Tornai con la mente al presente, accorgendomi solo allora che Killian mi aveva passato il braccio intorno alla vita per stringermi di più a lui. La sua mano stava sfiorando l’orsetto e il suo sguardo, era puntato come il mio verso quel giocattolo che tenevo tra le braccia.
«Mi sento così inutile e così impotente. Non sono riuscito ad impedire che accadesse».
«Nessuno avrebbe potuto impedirlo. Vieni qui». Buttai in terra tutti i giochi che si trovavano sul lettino e mi distesi, trascinando Killian al mio fianco. Lui prese la coperta di cotone che si trovava ai piedi del letto e la tirò su per coprirci, prima di avvolgermi nel suo caldo e stretto abbraccio. Posai la testa contro la sua spalla e lasciai che le sue dita mi coccolassero accarezzandomi il braccio. Chiusi gli occhi cercando perlomeno di distrarmi da quello stato di tremenda ansia e sconforto in cui mi trovavo e da cui però non potevo uscire.
«Dobbiamo pensare ad un piano di azione», mormorai dopo un po’. «Tanto lo sappiamo entrambi che non riusciremo mai a dormire».
«Già, dormire è proprio l’ultimo dei miei pensieri. Stare qui, senza poter far nulla è… non dovevamo dare retta ai tuoi».
«Lo so, ma hanno ragione. Dobbiamo essere lucidi ed è per questo che ci serve un piano d’azione così domattina passeremo subito all’attacco».
«Va bene», mi assecondò. «Che cosa intendi fare?».
«Dobbiamo parlare con la fata Turchina, magari lei potrà aiutarci. Conosce la magia molto più di noi, magari c’è qualche incantesimo per riportare qui Edith».

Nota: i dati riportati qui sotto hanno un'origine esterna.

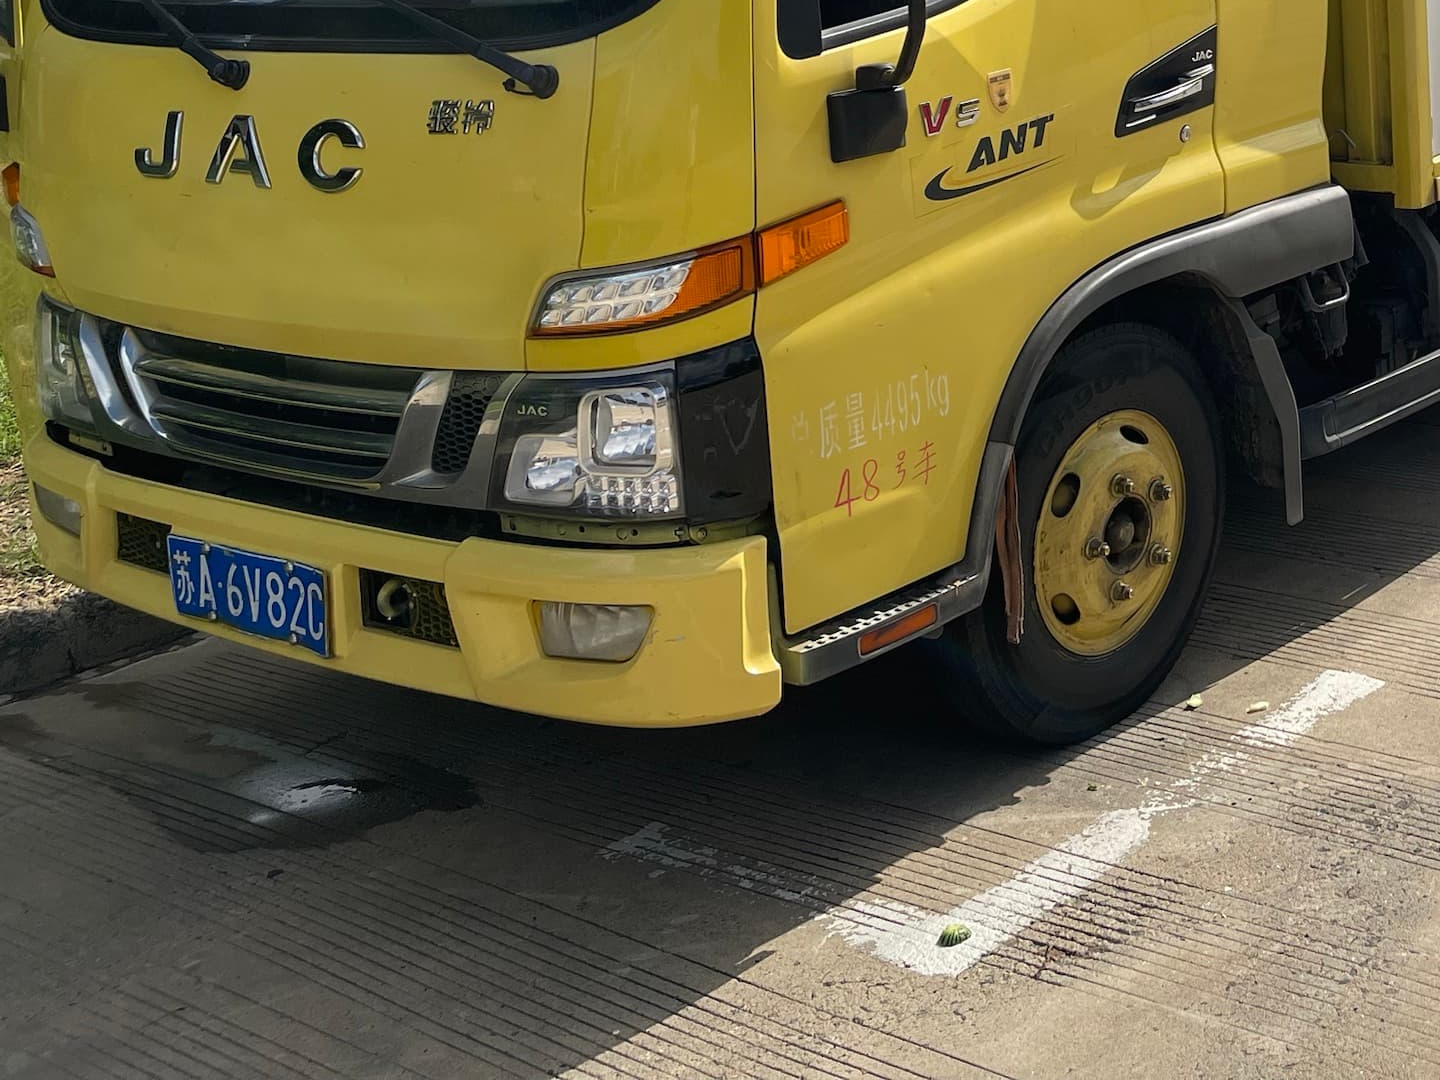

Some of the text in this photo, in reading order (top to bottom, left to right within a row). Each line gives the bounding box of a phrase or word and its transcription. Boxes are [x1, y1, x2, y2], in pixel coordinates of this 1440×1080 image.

[1191, 49, 1213, 63] JAC
[134, 110, 366, 193] JAC
[966, 113, 1055, 173] ANT
[517, 405, 548, 417] JAC

«Bene. La fata Turchina sia», acconsentì. «Poi potremo interrogare Zelena deve dirci tutto quello che sa. È stata lei l’unica strega a riuscire ad aprire un portale temporale. È grazie a lei se noi siamo tornati indietro nel tempo».
«Giusto Zelena, è aggiunta alla lista». Se era stata in grado di aprire un portale una volta poteva farlo di nuovo, o almeno lo speravo.

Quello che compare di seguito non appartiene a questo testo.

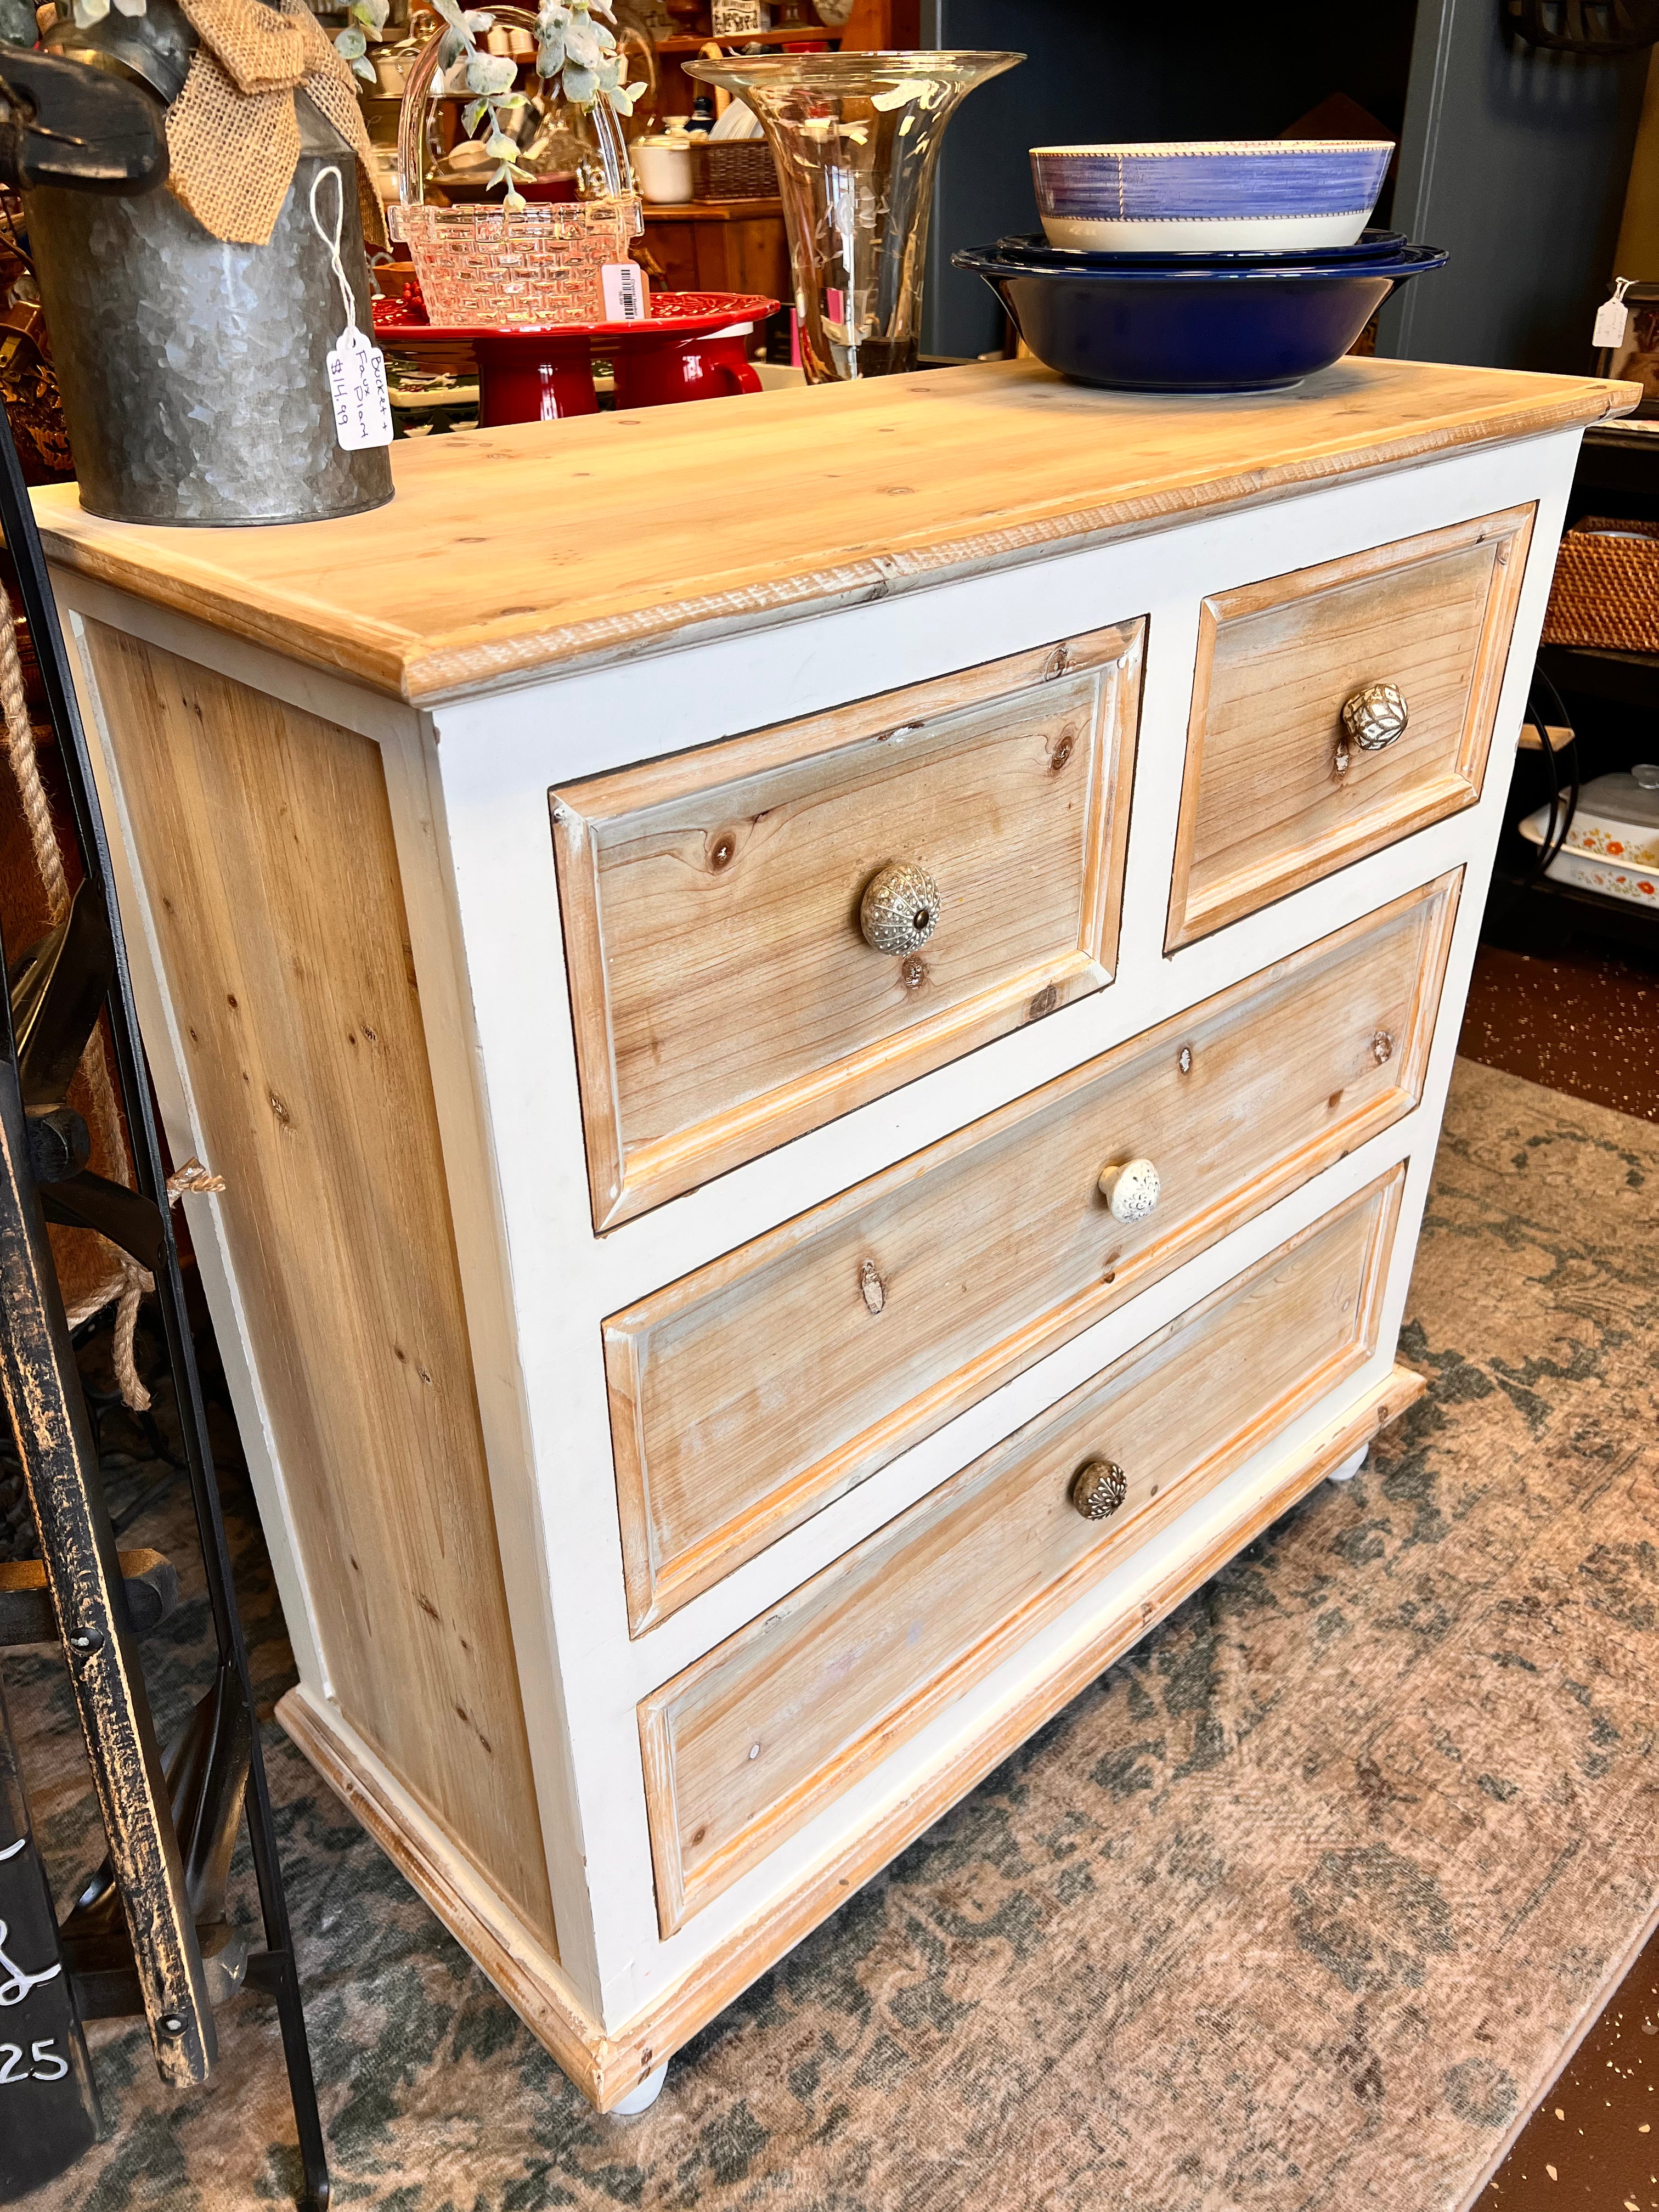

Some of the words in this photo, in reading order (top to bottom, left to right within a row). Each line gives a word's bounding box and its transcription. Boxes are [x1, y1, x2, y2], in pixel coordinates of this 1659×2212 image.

«Poi? Ti viene in mente altro», mi chiese.
Ci pensai su: in effetti l’unica altra cosa che poteva esserci utile era la bacchetta con la quale io avevo riaperto il portale di Zelena. 
«Ci sarebbe la bacchetta che ho usato per riaprire il portale. Tremotino disse che era in grado di ricreare qualsiasi incantesimo lanciato. Se già una volta ci ha permesso di tornare a casa potrà di nuovo aprire un portale temporale. Poi basterà solo pensare al momento giusto in cui andare».
«Questa sì che è un’idea». Ebbe un moto di entusiasmo a quella prospettiva.
«Però», lo frenai, «credo che Gold abbia la bacchetta. Dovremo ancora rivolgerci a lui».
«Non importa, sarei disposto a strisciare ai piedi del Coccodrillo pur di stringere Edith tra le braccia». Annuii, tornando a confortarmi nel suo abbraccio.
«Secondo te starà bene?», gli chiesi all’improvviso.
«Non possiamo esserne sicuri ma io penso di sì, o almeno lo spero; sarà con l’Emma e il Killian del passato. Dobbiamo stare tranquilli almeno su questo».
«Tu credi? Conoscendomi avrò dato di matto, molto peggio di come ho reagito scoprendo della gravidanza».
«Peggio di quando mi hai urlato contro dicendo che era tutta colpa mia? Beh per fortuna io conosco me stesso e il fascino che quella bambina sa esercitare. È in buone mani».
«Già tu sei sempre stato molto più ragionevole», concordai, cambiando poi discorso. «Allora è deciso?».
Capì subito di cosa parlassi. «Certo ricapitoliamo: fata Turchina, Zelena e se non possiamo farne a meno Gold».
«Prima riusciremo a sconfiggere questa distanza temporale, prima potremo riabbracciarla».
«Edith tornerà a casa», affermò. «Non ci fermeremo finché non sarà di nuovo con noi». Era quello il coraggio di cui avevo bisogno.
Avevamo un obiettivo e saremo periti nel tentativo piuttosto che arrenderci e fallire.
 
Angolo dell'autrice:
Buon pomeriggio a tutti! Come mi avete chiesto, mi sono sbrigata e ce l'ho fatta a postare oggi!
Se nello scorso capitolo sono stata crudele con il Killian del presente spero di essermi fatta perdonare. Emma si è subito pentita di ciò che ha detto e ha capito i suoi errori, cercando in qualche modo di rimediare.
Nel futuro ho aggiunto un piccolo flashback: scusatemi per tutti questi salti temporali ma mi piaceva troppo la scena dell'oresetto.
Come sempre ringrazio tutti coloro che hanno recensito o che semplicemente stanno leggendo la mia storia.